The hut is small, the fire that blazes warming every nook and cranny. Olwyn guides me to sit beside it, ignoring her sister’s protests, and then covers me in blankets.
‘Olwyn, stop this madness,’ Rayvn says, her spear still firmly in her hand. ‘What are you thinking?’
Olwyn ignores her sister. ‘Are you hungry?’ she says to me. ‘Some warm soup perhaps?’
I nod as best I can, the heat from the fire causing a burning pain in my limbs as it defrosts them. Still, it’s not quite as fierce as the stare Rayvn fixes on me, her gaze never lifting.
As Olwyn sets a pot over the flames, a small figure appears from a back room, a young girl with features finer than a bird’s, who couldn’t be past her twelfth year. Her face is the image of her older sisters’, but more delicate and while their hair is blacker than jetstone, hers is bright white, just like the horse who led me here.
‘Olwyn?’ She’s clearly nervous of my presence.
Olwyn springs to her feet and walks over to the girl. ‘Pip, everything’s fine, go back to sleep.’
‘No.’ Rayvn glares at Olwyn. ‘It’s not fine.

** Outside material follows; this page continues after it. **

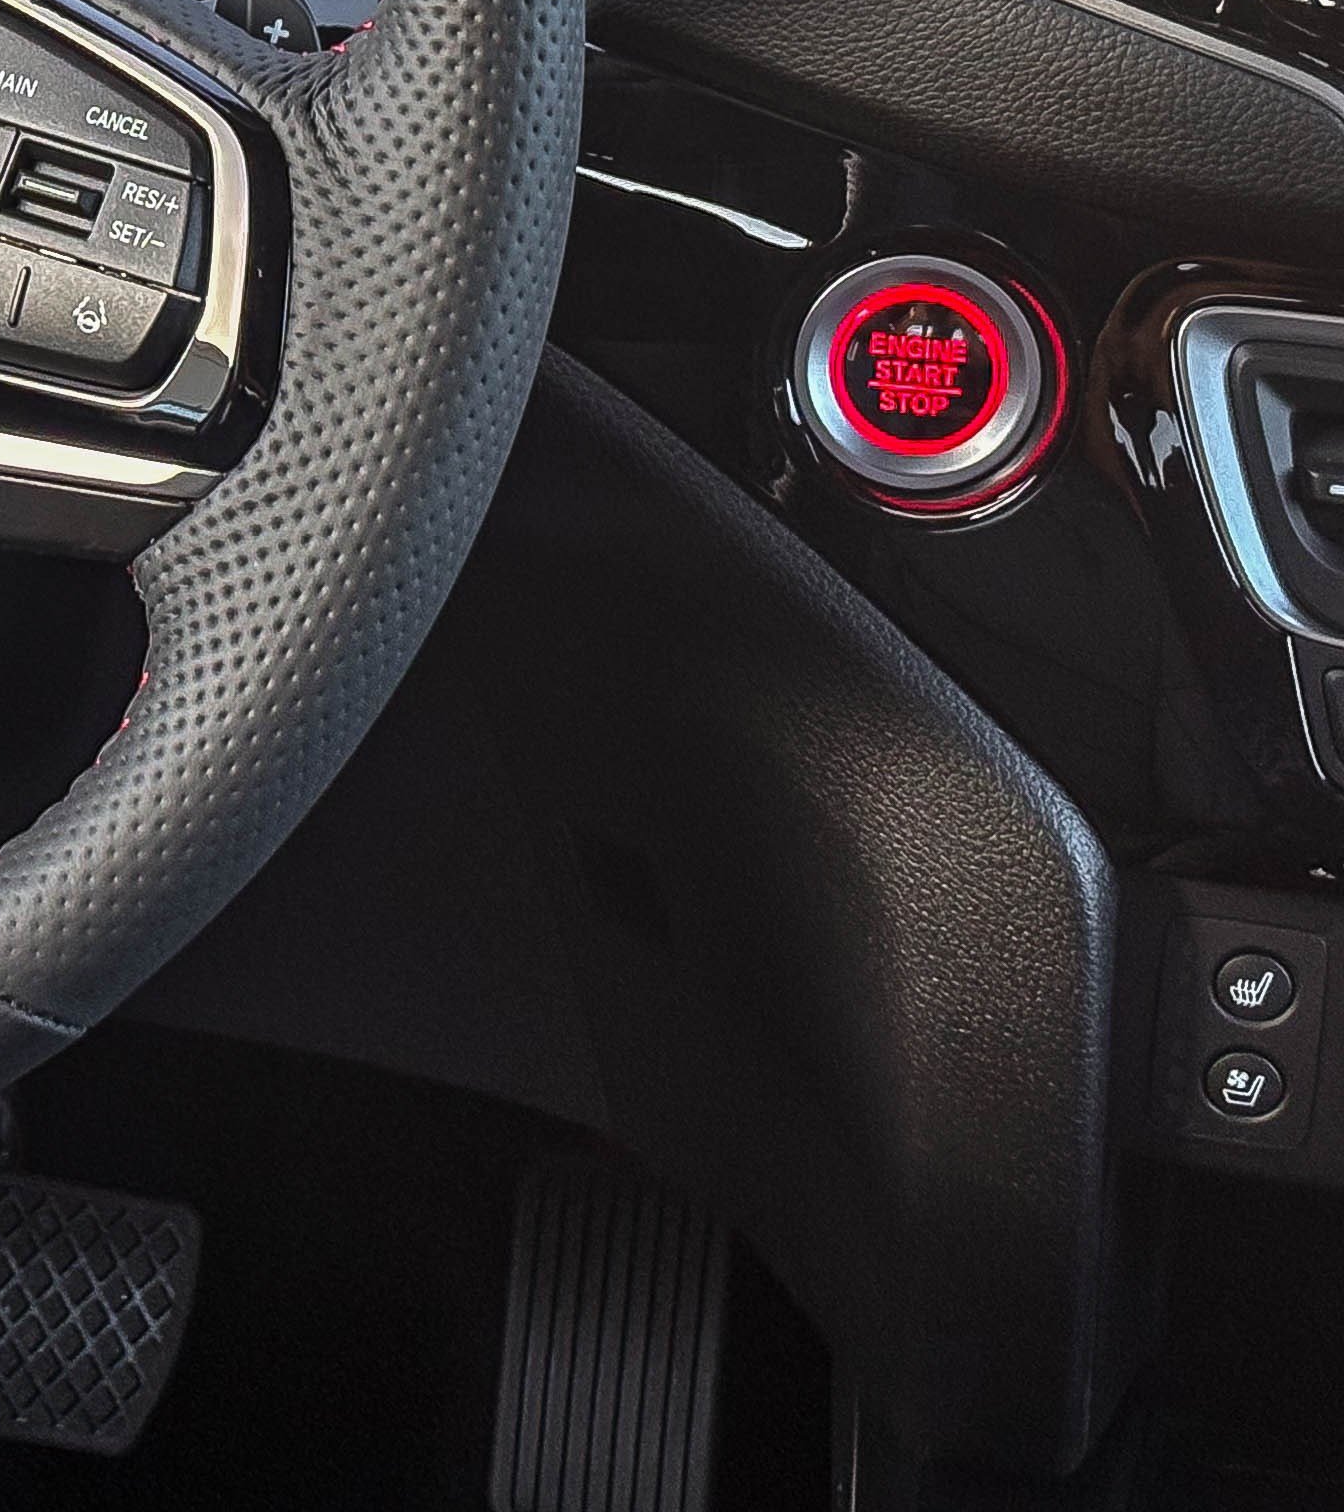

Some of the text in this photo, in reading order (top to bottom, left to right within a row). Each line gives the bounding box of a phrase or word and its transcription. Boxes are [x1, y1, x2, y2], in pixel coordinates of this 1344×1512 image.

You’ve brought a stranger into our home. You’ve put us all in danger.’
Pip’s eyes widen with fear, but Olwyn just sighs. ‘Calm yourself,’ she says. The words are gently spoken but with enough authority to quieten Rayvn. ‘Pip, why don’t you come and meet our guest?’
And with her arms protectively wrapped round her little sister Olwyn brings Pip nearer me.
‘Pipit, this is Marianne. Rayvn found her on the boundary, looking for one of our mares.’ Now Olwyn looks at me, but it isn’t suspicion in her eyes, more curiosity. ‘Is that right?’
Again a nod is all my frozen body can muster, though I desperately want to ask her who she is how she has the same birthmark as me, and what that could possibly mean.
‘Would you fetch our guest some soup, while I speak with Rayvn?’ Olwyn asks Pip, who nods while the older sisters huddle in a corner and argue in loud but indecipherable whispers.
Pip nervously passes me a mug and I’m about to take it when I pause. I have no idea who these women are and have lowered my guard too far already. The last residents I met on this island wanted to drug and kill me. Who’s to say these sisters won’t do the same?
‘Oh, for goodness’ sake,’ Rayvn says, striding over when she
sees my hesitation. ‘If we wanted to kill you, we’d stick you with a spear.’ And she grabs the mug from Pip, taking a large mouthful of the soup to prove it’s safe to eat. ‘If you don’t like our hospitality, you can always leave,’ she says, and holds the soup out like a challenge. I rise to it, and the liquid slips like fire down my throat.
‘Thank you,’ I say after another few mouthfuls, the hearty broth reviving me from the inside out. ‘And don’t worry, I’m not here to hurt your horses.’
Pip looks reassured, but Rayvn is less easy to placate.
‘So what do you want with them?’ Rayvn says, and I sense that whatever Olwyn has said to her means she will tolerate my presence at least long enough to hear an explanation.
I tell them everything that’s happened since I discovered Esther’s abandoned home, leaving out some of the details of my failed attempt at healing, but hoping the rest of the story explains why I’ve stumbled on to their very remote land. ‘But obviously I was mistaken,’ I finish. ‘Esther isn’t here.’ Though I’m beginning to suspect this might be exactly where the horse intended to bring me all along.
The three of them are all staring at me – Rayvn in confusion mixed with outrage, Olwyn in amazement and Pip in disbelief, her mouth hanging open.
‘What?’ They’re making me suddenly uncomfortable.
‘You rode the mare?’ Olwyn sounds in awe, though it seems an odd thing to focus on in the scheme of the story. ‘She let you?’
I nod, watching Olwyn and Rayvn exchange a very meaningful look.
‘Pip, go wake up Mama,’ Rayvn says, and for the first time she puts down her spear.